Tuesday, 8 October 2019

On democracy

If we accept Winston Churchill’s best argument against democracy as having a five minute conversation with the average voter – and to be fair we must – what else is there? Given that he is also credited as saying democracy is the worst form of Government except for all those others that have been tried, is there an alternative? Outside of small, homogenous communities, families and, small cooperatives, full-on democracy only works – like the law – by the consent of the governed. And that consent and consensus seems to be wearing thin of late.

Can mass democracy ever really function well if we accept that most of us are incompetent to cast an informed ballot? And by most, I really do mean the overwhelming majority of voters who hold opinions formed by others if they hold any opinions at all. This vast majority understands little and cares even less, generally, about the economy, education, defence, energy and pretty much everything else that we task governments with arranging. Most of us are too indolent to research the best mobile phone deal, or bank account, or diet, even, preferring instead to be led by the more thoughtful among us. It's lazy, plain and simple, but it is all too human.
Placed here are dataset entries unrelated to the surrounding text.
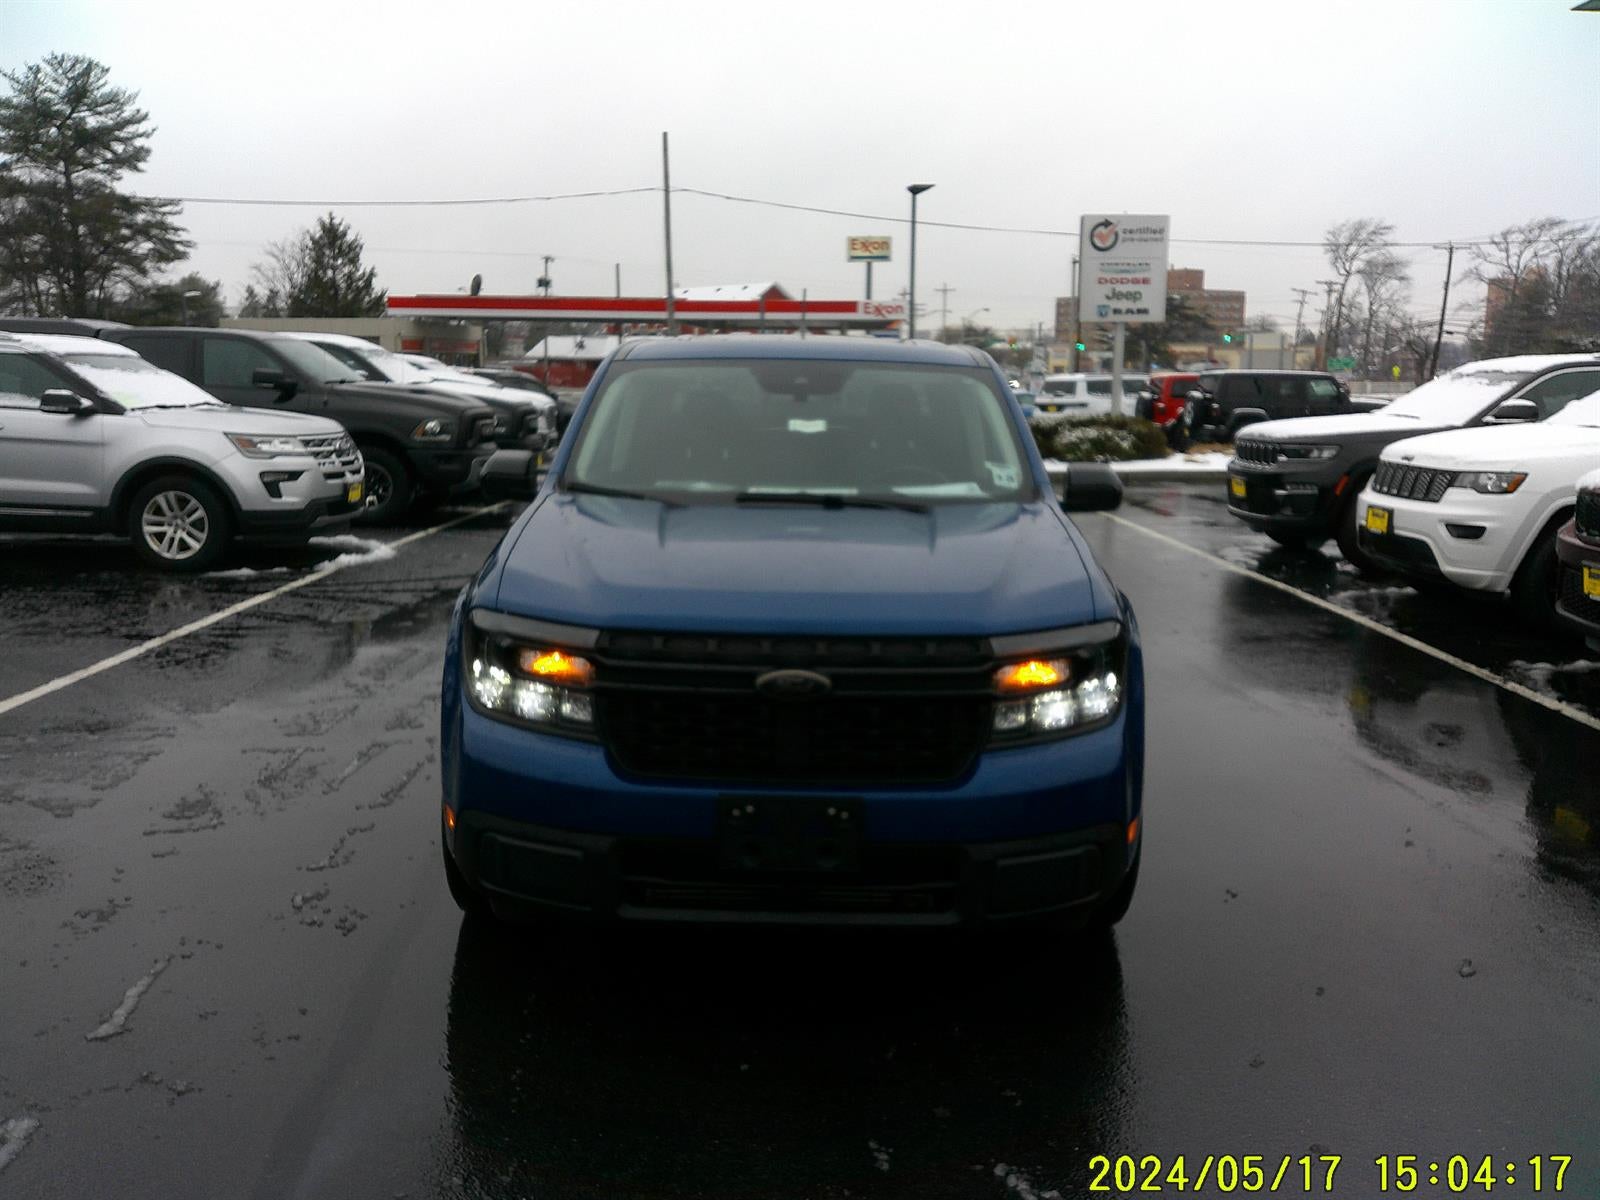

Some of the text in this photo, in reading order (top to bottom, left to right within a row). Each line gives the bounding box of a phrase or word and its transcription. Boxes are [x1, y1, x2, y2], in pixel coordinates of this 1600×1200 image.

[850, 238, 890, 254] Exxon
[1097, 277, 1151, 285] DODGE
[1105, 287, 1143, 303] Jeep
[863, 302, 905, 318] Exxon
[1112, 307, 1150, 315] RAM
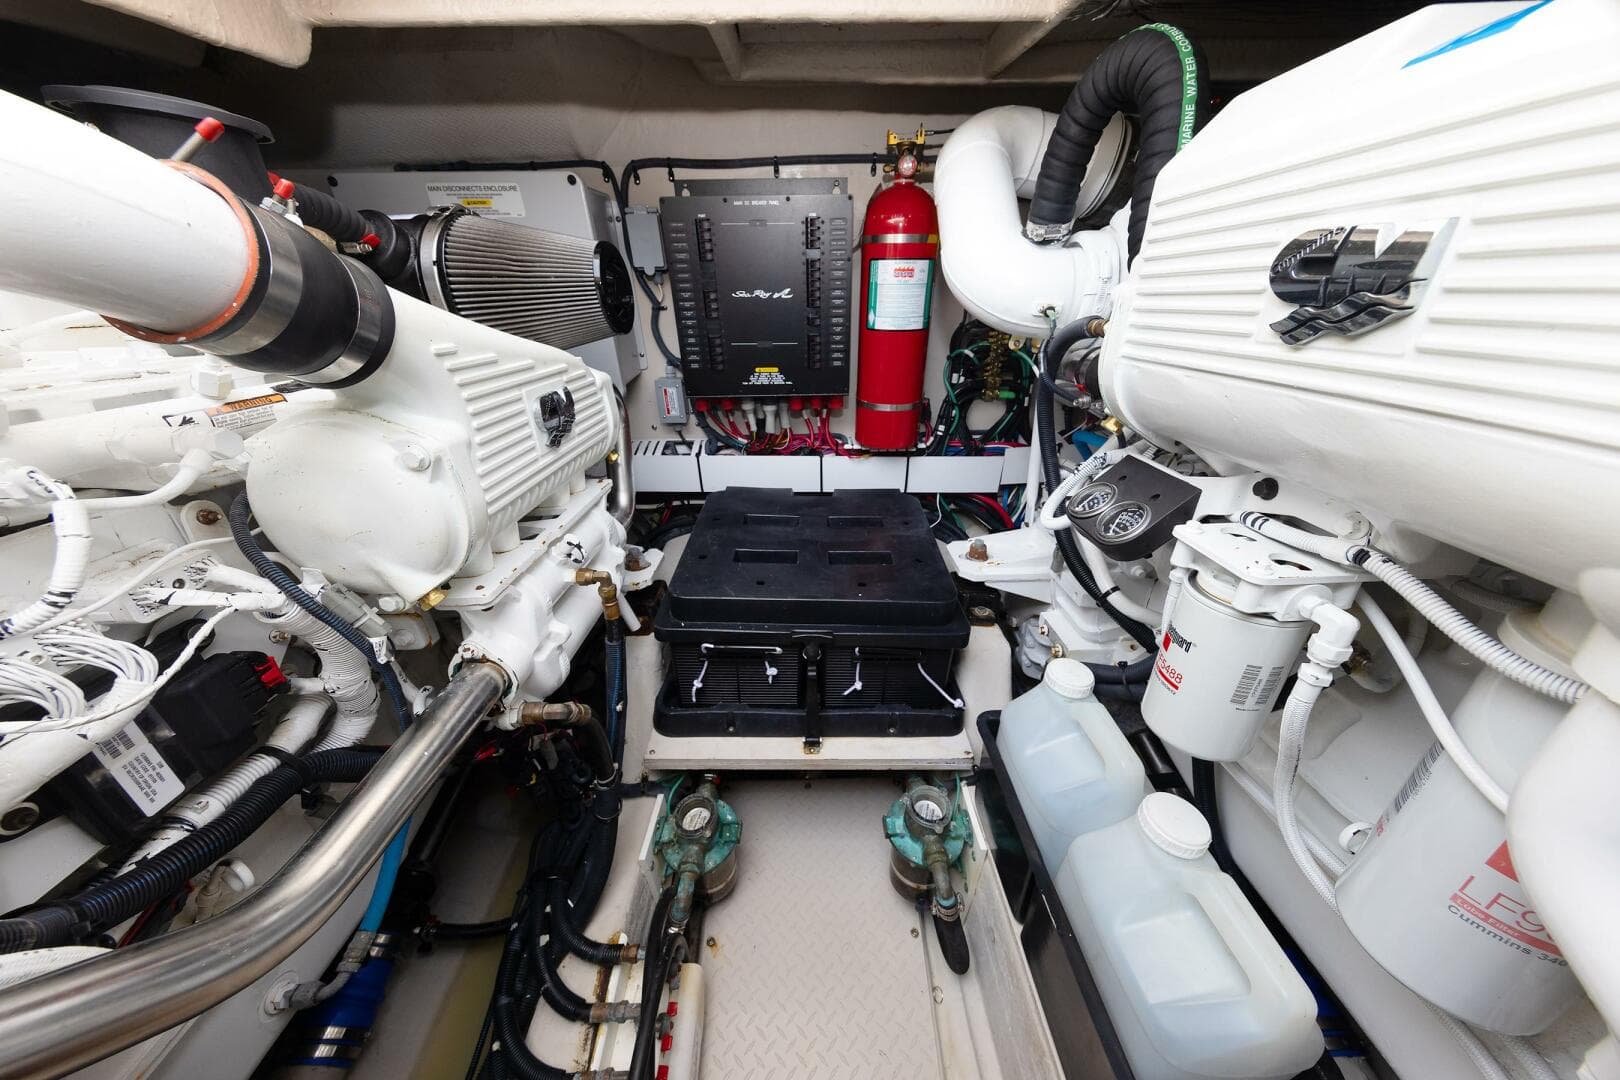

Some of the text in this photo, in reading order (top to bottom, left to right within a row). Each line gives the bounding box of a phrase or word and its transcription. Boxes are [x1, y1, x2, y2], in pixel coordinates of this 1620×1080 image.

Which is, of course how we ended up with our system of ‘representative democracy’, of which the EU is an extreme example. In the UK most people vote for a party with little scrutiny, little recognition even, of the individuals they elect to represent them. But at least many of us do know who our local MP is. How many would recognise their MEP if they bumped into them in Brussels? As with anything, a definition can be stretched. So far less than 100% of those eligible to vote narrowly return somebody, unknown to most, standing on a platform few understand, yet they still call that democracy?

Far from rule by majority consent we often end up with individuals who only really represent the views of a more motivated minority. Isn’t this almost the opposite of democracy and hasn’t this become abundantly clear over Brexit? It is little wonder that the fine minds of Parliament were so unprepared to be defied and are now so reluctant to yield. Is it time, then, to officially announce the death of democracy, whose name has been commandeered to simply mean ‘whatever my important friends and I want’?

So, what is left? I'd respect a party which would say directly to the voters. "We are not here to fix YOUR problems. Everything you want from the state must be paid for by somebody. And nobody is compelled to care about your family but yourself”. Of course, we would want to foster an environment where people do look out for each other but not one where an army of others need to graft to keep you in the circumstance to which you feel entitled. Not one where noisy rabbles are allowed to fix the political direction. Not one where tiny minorities get to roar like lions, demanding to be fed.

Ten gets tough...

Which is why the latest ‘leak’ from Number 10 is such a welcome blast of fresh air. Parliament is doing its best to shut down the Johnson government, but it seems that, finally, our leadership is stepping up and doing what people really want. Brexit was never about the economy, or immigration, or any of the causes pressed into service to denounce it. It was about national self-determination. THIS is what we voted for. Democracy is dead – long live democracy!